Ford was elected mayor in a landslide in 2010, but slashing costs without cutting services proved harder than he expected, and his popularity has fallen steeply.


He grabbed unwelcome headlines for reading while driving on a city expressway, for calling the police when a comedian tried to film part of a popular TV show outside his home, and after reports that city resources were used to help administer the high-school football team he coaches.


The conflict-of-interest drama began in 2010 when Ford, then a city councillor, used government letterhead to solicit donations for the football charity created in his name for underprivileged children.


Toronto’s integrity commissioner ordered Ford to repay the C$ 3,150 ($ 3,173) the charity received from lobbyists and companies that do business with the city.


Ford refused to repay the money, and in February 2012 he took part in a city council debate on the matter and then voted to remove the sanctions against him – despite being warned by the council speaker that voting would break the rules.

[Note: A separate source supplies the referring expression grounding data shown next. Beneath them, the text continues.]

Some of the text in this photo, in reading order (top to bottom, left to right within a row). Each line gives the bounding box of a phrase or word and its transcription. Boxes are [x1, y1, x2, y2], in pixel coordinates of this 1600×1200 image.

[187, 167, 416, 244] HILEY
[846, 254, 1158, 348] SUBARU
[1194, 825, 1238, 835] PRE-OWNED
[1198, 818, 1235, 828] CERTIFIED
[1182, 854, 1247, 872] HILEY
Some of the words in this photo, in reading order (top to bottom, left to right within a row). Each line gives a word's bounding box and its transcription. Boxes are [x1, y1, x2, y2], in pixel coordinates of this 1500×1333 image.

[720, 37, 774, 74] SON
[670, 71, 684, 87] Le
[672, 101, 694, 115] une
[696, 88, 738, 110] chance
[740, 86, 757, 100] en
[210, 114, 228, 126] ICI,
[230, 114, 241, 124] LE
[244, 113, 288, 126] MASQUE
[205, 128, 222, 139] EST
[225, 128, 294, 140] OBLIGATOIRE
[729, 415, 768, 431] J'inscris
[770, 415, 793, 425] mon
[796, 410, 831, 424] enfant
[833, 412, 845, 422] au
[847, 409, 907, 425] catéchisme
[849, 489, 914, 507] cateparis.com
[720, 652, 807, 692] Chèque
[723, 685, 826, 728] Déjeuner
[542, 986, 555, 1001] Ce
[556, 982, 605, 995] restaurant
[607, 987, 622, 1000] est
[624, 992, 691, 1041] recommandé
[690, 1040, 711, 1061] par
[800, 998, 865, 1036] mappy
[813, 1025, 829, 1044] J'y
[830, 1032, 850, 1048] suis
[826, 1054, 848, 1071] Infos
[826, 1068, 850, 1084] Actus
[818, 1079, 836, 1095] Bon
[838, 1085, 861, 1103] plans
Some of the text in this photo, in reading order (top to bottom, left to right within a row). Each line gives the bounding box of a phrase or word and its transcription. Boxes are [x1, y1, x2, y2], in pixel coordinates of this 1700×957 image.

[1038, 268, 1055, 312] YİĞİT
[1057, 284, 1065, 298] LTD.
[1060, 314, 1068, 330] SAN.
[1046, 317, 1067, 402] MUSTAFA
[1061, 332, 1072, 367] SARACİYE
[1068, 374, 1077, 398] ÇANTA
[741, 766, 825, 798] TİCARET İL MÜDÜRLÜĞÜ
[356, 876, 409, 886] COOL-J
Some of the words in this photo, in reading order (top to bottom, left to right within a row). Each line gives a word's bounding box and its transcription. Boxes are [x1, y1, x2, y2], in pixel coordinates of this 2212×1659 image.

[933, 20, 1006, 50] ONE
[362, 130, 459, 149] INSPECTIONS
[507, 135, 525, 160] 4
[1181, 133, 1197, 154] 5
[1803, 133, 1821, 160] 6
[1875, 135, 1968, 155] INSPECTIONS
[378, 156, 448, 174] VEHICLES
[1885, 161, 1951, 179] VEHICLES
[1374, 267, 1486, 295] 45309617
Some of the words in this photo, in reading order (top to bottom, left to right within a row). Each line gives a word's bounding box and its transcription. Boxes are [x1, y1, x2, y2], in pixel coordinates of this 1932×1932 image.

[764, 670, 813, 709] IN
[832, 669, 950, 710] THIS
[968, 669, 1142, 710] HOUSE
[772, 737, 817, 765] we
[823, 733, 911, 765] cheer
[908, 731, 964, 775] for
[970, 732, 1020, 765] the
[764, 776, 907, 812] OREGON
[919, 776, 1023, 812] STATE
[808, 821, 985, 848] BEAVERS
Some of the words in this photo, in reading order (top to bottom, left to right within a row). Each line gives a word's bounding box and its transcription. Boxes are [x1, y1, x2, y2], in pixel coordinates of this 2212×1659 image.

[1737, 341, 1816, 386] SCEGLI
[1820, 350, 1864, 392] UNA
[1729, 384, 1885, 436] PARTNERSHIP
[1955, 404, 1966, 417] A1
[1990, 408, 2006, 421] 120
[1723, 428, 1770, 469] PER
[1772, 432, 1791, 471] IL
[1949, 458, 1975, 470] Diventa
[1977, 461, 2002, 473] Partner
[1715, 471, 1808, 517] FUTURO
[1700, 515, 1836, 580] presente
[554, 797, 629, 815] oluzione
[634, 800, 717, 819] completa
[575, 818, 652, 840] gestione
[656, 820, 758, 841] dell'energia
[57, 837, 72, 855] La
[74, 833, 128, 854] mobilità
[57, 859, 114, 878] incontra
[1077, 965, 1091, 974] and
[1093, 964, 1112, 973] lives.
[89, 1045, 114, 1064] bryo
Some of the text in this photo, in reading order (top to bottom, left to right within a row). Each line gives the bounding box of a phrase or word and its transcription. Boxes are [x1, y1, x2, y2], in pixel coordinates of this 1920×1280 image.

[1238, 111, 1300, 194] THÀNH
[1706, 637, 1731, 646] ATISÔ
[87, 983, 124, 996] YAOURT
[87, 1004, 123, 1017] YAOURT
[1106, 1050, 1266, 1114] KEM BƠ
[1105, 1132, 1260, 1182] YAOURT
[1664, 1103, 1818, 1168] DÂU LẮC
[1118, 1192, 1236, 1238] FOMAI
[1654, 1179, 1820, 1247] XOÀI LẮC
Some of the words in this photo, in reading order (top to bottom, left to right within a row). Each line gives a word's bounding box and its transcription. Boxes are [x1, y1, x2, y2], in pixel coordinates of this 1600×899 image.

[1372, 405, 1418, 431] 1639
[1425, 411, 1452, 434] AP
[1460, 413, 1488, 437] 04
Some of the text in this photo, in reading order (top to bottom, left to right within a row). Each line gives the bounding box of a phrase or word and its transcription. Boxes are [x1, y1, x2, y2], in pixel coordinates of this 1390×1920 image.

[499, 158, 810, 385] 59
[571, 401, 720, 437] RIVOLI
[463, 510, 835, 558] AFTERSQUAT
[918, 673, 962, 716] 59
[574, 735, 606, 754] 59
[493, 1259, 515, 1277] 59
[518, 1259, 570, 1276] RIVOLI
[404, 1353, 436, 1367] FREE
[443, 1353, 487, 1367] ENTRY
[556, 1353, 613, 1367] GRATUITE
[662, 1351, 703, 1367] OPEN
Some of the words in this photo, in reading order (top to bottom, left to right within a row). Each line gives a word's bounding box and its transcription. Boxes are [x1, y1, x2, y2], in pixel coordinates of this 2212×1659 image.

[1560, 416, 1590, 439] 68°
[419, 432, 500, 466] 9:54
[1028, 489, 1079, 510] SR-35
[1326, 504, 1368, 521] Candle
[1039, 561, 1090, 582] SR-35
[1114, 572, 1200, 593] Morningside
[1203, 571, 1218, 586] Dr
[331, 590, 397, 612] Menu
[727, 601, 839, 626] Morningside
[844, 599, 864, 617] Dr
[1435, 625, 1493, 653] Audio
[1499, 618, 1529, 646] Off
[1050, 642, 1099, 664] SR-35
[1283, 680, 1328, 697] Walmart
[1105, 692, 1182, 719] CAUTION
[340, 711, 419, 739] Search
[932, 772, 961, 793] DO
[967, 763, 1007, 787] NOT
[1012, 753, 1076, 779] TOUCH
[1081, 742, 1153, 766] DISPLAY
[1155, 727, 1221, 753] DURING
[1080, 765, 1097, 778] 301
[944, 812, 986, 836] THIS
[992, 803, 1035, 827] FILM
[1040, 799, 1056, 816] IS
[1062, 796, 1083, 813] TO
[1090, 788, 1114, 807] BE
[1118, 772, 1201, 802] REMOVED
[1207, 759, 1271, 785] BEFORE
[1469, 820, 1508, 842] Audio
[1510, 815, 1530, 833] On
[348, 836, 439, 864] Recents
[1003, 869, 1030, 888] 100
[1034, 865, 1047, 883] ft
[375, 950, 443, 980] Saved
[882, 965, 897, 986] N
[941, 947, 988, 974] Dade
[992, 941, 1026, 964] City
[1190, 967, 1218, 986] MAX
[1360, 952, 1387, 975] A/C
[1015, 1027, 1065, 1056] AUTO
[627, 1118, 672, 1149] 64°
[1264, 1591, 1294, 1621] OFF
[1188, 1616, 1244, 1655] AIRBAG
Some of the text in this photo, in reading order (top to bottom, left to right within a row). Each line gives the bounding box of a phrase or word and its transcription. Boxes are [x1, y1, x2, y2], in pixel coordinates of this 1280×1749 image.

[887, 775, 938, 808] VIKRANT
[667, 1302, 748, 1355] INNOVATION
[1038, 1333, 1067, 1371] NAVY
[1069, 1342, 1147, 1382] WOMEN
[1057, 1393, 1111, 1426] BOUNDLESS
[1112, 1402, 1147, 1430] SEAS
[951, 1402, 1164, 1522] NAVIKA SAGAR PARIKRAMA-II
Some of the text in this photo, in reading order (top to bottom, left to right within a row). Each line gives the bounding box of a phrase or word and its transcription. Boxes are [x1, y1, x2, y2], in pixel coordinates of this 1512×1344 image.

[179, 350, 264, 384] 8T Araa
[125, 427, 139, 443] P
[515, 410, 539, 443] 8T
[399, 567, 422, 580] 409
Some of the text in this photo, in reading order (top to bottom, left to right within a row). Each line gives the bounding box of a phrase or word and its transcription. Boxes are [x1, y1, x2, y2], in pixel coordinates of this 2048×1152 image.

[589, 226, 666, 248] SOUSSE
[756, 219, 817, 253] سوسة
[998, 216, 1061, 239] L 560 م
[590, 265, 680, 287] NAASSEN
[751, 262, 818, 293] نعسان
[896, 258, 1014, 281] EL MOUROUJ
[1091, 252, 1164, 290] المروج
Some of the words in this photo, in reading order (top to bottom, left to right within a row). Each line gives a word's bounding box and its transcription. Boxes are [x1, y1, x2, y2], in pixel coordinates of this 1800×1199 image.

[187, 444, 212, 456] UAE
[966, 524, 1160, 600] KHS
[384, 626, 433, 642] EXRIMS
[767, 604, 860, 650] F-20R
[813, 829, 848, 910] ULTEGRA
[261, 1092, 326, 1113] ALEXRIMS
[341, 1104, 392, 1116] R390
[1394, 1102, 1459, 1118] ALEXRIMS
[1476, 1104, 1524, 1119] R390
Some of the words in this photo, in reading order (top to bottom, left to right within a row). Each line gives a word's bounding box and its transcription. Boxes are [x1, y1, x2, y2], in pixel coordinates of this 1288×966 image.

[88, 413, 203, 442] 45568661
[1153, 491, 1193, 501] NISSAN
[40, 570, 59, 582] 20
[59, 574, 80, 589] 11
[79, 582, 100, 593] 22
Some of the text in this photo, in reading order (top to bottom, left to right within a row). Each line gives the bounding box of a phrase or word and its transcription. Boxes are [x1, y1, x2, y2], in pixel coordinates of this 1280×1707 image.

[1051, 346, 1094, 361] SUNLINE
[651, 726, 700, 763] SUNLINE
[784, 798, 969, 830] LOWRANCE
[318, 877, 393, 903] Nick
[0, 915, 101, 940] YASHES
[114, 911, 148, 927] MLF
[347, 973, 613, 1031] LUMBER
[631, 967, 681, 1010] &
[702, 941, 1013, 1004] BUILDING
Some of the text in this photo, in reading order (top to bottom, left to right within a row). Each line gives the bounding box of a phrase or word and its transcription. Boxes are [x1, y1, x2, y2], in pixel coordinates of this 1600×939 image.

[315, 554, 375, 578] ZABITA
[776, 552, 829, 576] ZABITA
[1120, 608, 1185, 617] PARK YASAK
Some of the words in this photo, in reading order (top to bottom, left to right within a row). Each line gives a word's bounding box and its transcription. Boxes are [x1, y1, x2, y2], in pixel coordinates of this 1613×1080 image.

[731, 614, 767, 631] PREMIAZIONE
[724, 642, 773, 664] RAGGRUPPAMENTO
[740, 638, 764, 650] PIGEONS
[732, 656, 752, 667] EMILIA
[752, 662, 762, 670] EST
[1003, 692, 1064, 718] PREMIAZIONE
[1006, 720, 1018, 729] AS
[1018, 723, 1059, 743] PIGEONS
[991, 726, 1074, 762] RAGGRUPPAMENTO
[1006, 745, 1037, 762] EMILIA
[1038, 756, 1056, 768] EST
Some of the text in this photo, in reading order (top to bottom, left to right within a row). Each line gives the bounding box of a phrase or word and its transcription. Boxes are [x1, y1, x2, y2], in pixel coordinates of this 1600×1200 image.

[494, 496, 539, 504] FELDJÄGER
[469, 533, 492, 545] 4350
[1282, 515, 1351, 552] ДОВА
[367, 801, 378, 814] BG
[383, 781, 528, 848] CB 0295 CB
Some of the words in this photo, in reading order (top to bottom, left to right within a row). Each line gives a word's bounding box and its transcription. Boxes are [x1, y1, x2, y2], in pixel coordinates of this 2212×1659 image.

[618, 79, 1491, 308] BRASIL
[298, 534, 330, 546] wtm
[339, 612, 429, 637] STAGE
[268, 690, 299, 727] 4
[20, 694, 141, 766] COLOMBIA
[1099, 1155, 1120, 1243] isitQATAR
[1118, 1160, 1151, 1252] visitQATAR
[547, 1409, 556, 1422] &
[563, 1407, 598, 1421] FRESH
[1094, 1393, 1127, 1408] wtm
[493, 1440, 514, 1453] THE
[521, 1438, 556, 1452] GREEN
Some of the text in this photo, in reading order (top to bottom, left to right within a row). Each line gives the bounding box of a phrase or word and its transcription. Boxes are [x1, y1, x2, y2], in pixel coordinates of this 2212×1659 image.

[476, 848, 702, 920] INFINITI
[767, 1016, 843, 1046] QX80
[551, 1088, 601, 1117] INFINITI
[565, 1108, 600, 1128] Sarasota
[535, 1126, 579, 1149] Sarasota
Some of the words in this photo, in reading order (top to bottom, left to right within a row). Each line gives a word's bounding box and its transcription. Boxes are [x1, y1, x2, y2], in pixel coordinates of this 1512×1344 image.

He pleaded not guilty in September, stating that he believed there was no conflict of interest as there was no financial benefit for the city. The judge dismissed that argument.


In a rare apology after last week’s court ruling, he said the matter began “because I love to help kids play football”.


Ford faces separate charges in a C$ 6 million libel case about remarks he made about corruption at City Hall, and is being audited for his campaign finances. The penalty in the audit case could also include removal from office.


(Reporting by Claire Sibonney; Editing by Janet Guttsman, Russ Blinch, Nick Zieminski; and Peter Galloway)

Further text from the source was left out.